**Brief**
Every entry below needs to be repeated exactly.

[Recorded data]
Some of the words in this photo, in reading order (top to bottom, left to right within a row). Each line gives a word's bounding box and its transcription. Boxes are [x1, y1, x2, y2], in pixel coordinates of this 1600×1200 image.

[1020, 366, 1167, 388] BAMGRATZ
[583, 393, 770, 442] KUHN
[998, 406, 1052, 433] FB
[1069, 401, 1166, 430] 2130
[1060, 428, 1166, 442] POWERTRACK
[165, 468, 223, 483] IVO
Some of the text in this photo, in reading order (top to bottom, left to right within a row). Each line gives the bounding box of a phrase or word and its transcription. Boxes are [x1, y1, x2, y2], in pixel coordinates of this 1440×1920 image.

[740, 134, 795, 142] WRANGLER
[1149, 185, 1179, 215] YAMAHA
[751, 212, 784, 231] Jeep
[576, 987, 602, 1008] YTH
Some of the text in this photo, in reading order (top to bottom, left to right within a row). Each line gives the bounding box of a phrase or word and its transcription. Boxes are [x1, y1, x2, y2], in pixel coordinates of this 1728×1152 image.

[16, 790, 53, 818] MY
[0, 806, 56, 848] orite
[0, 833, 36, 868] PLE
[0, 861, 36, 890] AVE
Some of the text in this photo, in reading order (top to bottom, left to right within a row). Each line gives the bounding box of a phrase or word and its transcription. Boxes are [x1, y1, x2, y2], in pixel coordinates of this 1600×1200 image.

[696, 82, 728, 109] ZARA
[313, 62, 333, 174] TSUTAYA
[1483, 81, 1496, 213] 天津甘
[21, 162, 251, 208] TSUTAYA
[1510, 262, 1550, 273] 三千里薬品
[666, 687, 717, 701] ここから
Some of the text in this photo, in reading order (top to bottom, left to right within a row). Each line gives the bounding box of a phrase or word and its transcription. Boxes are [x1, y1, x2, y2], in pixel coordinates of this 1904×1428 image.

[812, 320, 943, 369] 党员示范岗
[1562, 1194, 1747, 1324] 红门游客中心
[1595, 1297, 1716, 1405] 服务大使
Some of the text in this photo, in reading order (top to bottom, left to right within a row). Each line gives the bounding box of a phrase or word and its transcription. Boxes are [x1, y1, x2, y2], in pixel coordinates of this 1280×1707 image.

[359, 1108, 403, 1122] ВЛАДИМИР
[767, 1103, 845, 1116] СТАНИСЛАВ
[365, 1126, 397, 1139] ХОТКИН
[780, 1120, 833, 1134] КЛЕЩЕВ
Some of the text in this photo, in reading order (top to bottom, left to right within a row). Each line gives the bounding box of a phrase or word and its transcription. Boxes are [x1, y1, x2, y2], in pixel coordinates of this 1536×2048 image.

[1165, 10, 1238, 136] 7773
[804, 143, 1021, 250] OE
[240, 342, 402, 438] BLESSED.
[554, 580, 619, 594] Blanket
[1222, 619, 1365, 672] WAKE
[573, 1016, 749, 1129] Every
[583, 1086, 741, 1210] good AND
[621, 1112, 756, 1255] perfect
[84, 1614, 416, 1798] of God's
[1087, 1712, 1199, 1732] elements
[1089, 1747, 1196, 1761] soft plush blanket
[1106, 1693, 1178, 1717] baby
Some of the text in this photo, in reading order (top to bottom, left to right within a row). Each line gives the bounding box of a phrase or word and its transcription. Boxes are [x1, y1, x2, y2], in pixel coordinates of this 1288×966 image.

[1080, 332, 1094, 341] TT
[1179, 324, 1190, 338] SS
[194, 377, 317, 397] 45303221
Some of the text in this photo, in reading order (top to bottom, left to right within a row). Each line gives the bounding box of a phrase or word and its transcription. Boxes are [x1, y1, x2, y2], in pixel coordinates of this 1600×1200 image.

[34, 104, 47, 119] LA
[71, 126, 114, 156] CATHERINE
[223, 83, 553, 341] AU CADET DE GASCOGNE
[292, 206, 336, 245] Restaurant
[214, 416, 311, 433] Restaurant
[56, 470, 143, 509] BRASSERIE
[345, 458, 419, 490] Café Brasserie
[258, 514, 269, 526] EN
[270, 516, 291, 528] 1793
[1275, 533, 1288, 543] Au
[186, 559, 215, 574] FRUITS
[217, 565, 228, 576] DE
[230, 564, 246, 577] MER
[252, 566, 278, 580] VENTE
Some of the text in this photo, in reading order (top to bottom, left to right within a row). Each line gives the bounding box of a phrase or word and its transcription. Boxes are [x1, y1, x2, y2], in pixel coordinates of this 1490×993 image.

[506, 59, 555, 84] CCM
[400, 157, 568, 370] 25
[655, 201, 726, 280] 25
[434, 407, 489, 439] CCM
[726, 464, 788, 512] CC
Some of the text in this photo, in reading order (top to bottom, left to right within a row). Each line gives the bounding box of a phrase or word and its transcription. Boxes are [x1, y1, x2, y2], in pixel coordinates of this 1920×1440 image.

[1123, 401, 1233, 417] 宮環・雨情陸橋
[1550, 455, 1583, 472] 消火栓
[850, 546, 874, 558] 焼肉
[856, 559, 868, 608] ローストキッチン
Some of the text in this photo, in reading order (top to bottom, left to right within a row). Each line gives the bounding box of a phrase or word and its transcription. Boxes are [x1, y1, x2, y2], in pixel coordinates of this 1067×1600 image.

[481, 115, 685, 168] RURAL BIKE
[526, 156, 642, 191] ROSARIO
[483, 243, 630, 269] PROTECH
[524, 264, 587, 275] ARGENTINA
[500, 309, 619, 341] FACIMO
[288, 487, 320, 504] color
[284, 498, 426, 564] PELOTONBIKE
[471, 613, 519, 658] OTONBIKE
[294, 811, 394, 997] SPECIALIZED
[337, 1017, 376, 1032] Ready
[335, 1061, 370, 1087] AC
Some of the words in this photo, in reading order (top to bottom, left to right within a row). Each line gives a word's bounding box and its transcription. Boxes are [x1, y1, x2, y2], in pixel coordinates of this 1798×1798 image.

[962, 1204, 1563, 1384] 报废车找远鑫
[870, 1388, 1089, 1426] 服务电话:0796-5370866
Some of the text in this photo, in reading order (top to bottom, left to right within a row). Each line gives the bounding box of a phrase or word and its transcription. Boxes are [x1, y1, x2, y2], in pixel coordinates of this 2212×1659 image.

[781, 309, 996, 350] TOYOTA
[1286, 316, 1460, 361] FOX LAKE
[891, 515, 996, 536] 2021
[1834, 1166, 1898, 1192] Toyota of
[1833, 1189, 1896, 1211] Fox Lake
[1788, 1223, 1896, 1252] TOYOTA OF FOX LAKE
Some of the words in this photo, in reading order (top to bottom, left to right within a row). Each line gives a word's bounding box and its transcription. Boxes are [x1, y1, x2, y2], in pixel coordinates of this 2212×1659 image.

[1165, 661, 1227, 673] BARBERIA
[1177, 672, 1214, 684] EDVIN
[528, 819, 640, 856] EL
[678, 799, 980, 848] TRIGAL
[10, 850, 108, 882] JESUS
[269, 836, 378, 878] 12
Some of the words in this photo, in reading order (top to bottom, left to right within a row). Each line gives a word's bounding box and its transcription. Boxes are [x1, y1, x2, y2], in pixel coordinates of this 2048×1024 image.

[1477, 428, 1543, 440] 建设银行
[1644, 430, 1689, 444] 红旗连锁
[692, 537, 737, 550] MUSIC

**Result**
Some of the words in this photo, in reading order (top to bottom, left to right within a row). Each line gives a word's bounding box and its transcription. Boxes are [x1, y1, x2, y2], in pixel coordinates of this 1600×1200 image.

[1020, 366, 1167, 388] BAMGRATZ
[583, 393, 770, 442] KUHN
[998, 406, 1052, 433] FB
[1069, 401, 1166, 430] 2130
[1060, 428, 1166, 442] POWERTRACK
[165, 468, 223, 483] IVO
Some of the text in this photo, in reading order (top to bottom, left to right within a row). Each line gives the bounding box of a phrase or word and its transcription. Boxes are [x1, y1, x2, y2], in pixel coordinates of this 1440×1920 image.

[740, 134, 795, 142] WRANGLER
[1149, 185, 1179, 215] YAMAHA
[751, 212, 784, 231] Jeep
[576, 987, 602, 1008] YTH
Some of the text in this photo, in reading order (top to bottom, left to right within a row). Each line gives the bounding box of a phrase or word and its transcription. Boxes are [x1, y1, x2, y2], in pixel coordinates of this 1728×1152 image.

[16, 790, 53, 818] MY
[0, 806, 56, 848] orite
[0, 833, 36, 868] PLE
[0, 861, 36, 890] AVE
Some of the text in this photo, in reading order (top to bottom, left to right within a row). Each line gives the bounding box of a phrase or word and its transcription. Boxes are [x1, y1, x2, y2], in pixel coordinates of this 1600×1200 image.

[696, 82, 728, 109] ZARA
[313, 62, 333, 174] TSUTAYA
[1483, 81, 1496, 213] 天津甘
[21, 162, 251, 208] TSUTAYA
[1510, 262, 1550, 273] 三千里薬品
[666, 687, 717, 701] ここから
Some of the text in this photo, in reading order (top to bottom, left to right within a row). Each line gives the bounding box of a phrase or word and its transcription. Boxes are [x1, y1, x2, y2], in pixel coordinates of this 1904×1428 image.

[812, 320, 943, 369] 党员示范岗
[1562, 1194, 1747, 1324] 红门游客中心
[1595, 1297, 1716, 1405] 服务大使
Some of the text in this photo, in reading order (top to bottom, left to right within a row). Each line gives the bounding box of a phrase or word and its transcription. Boxes are [x1, y1, x2, y2], in pixel coordinates of this 1280×1707 image.

[359, 1108, 403, 1122] ВЛАДИМИР
[767, 1103, 845, 1116] СТАНИСЛАВ
[365, 1126, 397, 1139] ХОТКИН
[780, 1120, 833, 1134] КЛЕЩЕВ
Some of the text in this photo, in reading order (top to bottom, left to right within a row). Each line gives the bounding box of a phrase or word and its transcription. Boxes are [x1, y1, x2, y2], in pixel coordinates of this 1536×2048 image.

[1165, 10, 1238, 136] 7773
[804, 143, 1021, 250] OE
[240, 342, 402, 438] BLESSED.
[554, 580, 619, 594] Blanket
[1222, 619, 1365, 672] WAKE
[573, 1016, 749, 1129] Every
[583, 1086, 741, 1210] good AND
[621, 1112, 756, 1255] perfect
[84, 1614, 416, 1798] of God's
[1087, 1712, 1199, 1732] elements
[1089, 1747, 1196, 1761] soft plush blanket
[1106, 1693, 1178, 1717] baby
Some of the text in this photo, in reading order (top to bottom, left to right within a row). Each line gives the bounding box of a phrase or word and its transcription. Boxes are [x1, y1, x2, y2], in pixel coordinates of this 1288×966 image.

[1080, 332, 1094, 341] TT
[1179, 324, 1190, 338] SS
[194, 377, 317, 397] 45303221
Some of the text in this photo, in reading order (top to bottom, left to right within a row). Each line gives the bounding box of a phrase or word and its transcription. Boxes are [x1, y1, x2, y2], in pixel coordinates of this 1600×1200 image.

[34, 104, 47, 119] LA
[71, 126, 114, 156] CATHERINE
[223, 83, 553, 341] AU CADET DE GASCOGNE
[292, 206, 336, 245] Restaurant
[214, 416, 311, 433] Restaurant
[56, 470, 143, 509] BRASSERIE
[345, 458, 419, 490] Café Brasserie
[258, 514, 269, 526] EN
[270, 516, 291, 528] 1793
[1275, 533, 1288, 543] Au
[186, 559, 215, 574] FRUITS
[217, 565, 228, 576] DE
[230, 564, 246, 577] MER
[252, 566, 278, 580] VENTE
Some of the text in this photo, in reading order (top to bottom, left to right within a row). Each line gives the bounding box of a phrase or word and its transcription. Boxes are [x1, y1, x2, y2], in pixel coordinates of this 1490×993 image.

[506, 59, 555, 84] CCM
[400, 157, 568, 370] 25
[655, 201, 726, 280] 25
[434, 407, 489, 439] CCM
[726, 464, 788, 512] CC
Some of the text in this photo, in reading order (top to bottom, left to right within a row). Each line gives the bounding box of a phrase or word and its transcription. Boxes are [x1, y1, x2, y2], in pixel coordinates of this 1920×1440 image.

[1123, 401, 1233, 417] 宮環・雨情陸橋
[1550, 455, 1583, 472] 消火栓
[850, 546, 874, 558] 焼肉
[856, 559, 868, 608] ローストキッチン
Some of the text in this photo, in reading order (top to bottom, left to right within a row). Each line gives the bounding box of a phrase or word and its transcription. Boxes are [x1, y1, x2, y2], in pixel coordinates of this 1067×1600 image.

[481, 115, 685, 168] RURAL BIKE
[526, 156, 642, 191] ROSARIO
[483, 243, 630, 269] PROTECH
[524, 264, 587, 275] ARGENTINA
[500, 309, 619, 341] FACIMO
[288, 487, 320, 504] color
[284, 498, 426, 564] PELOTONBIKE
[471, 613, 519, 658] OTONBIKE
[294, 811, 394, 997] SPECIALIZED
[337, 1017, 376, 1032] Ready
[335, 1061, 370, 1087] AC
Some of the words in this photo, in reading order (top to bottom, left to right within a row). Each line gives a word's bounding box and its transcription. Boxes are [x1, y1, x2, y2], in pixel coordinates of this 1798×1798 image.

[962, 1204, 1563, 1384] 报废车找远鑫
[870, 1388, 1089, 1426] 服务电话:0796-5370866
Some of the text in this photo, in reading order (top to bottom, left to right within a row). Each line gives the bounding box of a phrase or word and its transcription. Boxes are [x1, y1, x2, y2], in pixel coordinates of this 2212×1659 image.

[781, 309, 996, 350] TOYOTA
[1286, 316, 1460, 361] FOX LAKE
[891, 515, 996, 536] 2021
[1834, 1166, 1898, 1192] Toyota of
[1833, 1189, 1896, 1211] Fox Lake
[1788, 1223, 1896, 1252] TOYOTA OF FOX LAKE
Some of the words in this photo, in reading order (top to bottom, left to right within a row). Each line gives a word's bounding box and its transcription. Boxes are [x1, y1, x2, y2], in pixel coordinates of this 2212×1659 image.

[1165, 661, 1227, 673] BARBERIA
[1177, 672, 1214, 684] EDVIN
[528, 819, 640, 856] EL
[678, 799, 980, 848] TRIGAL
[10, 850, 108, 882] JESUS
[269, 836, 378, 878] 12
Some of the words in this photo, in reading order (top to bottom, left to right within a row). Each line gives a word's bounding box and its transcription. Boxes are [x1, y1, x2, y2], in pixel coordinates of this 2048×1024 image.

[1477, 428, 1543, 440] 建设银行
[1644, 430, 1689, 444] 红旗连锁
[692, 537, 737, 550] MUSIC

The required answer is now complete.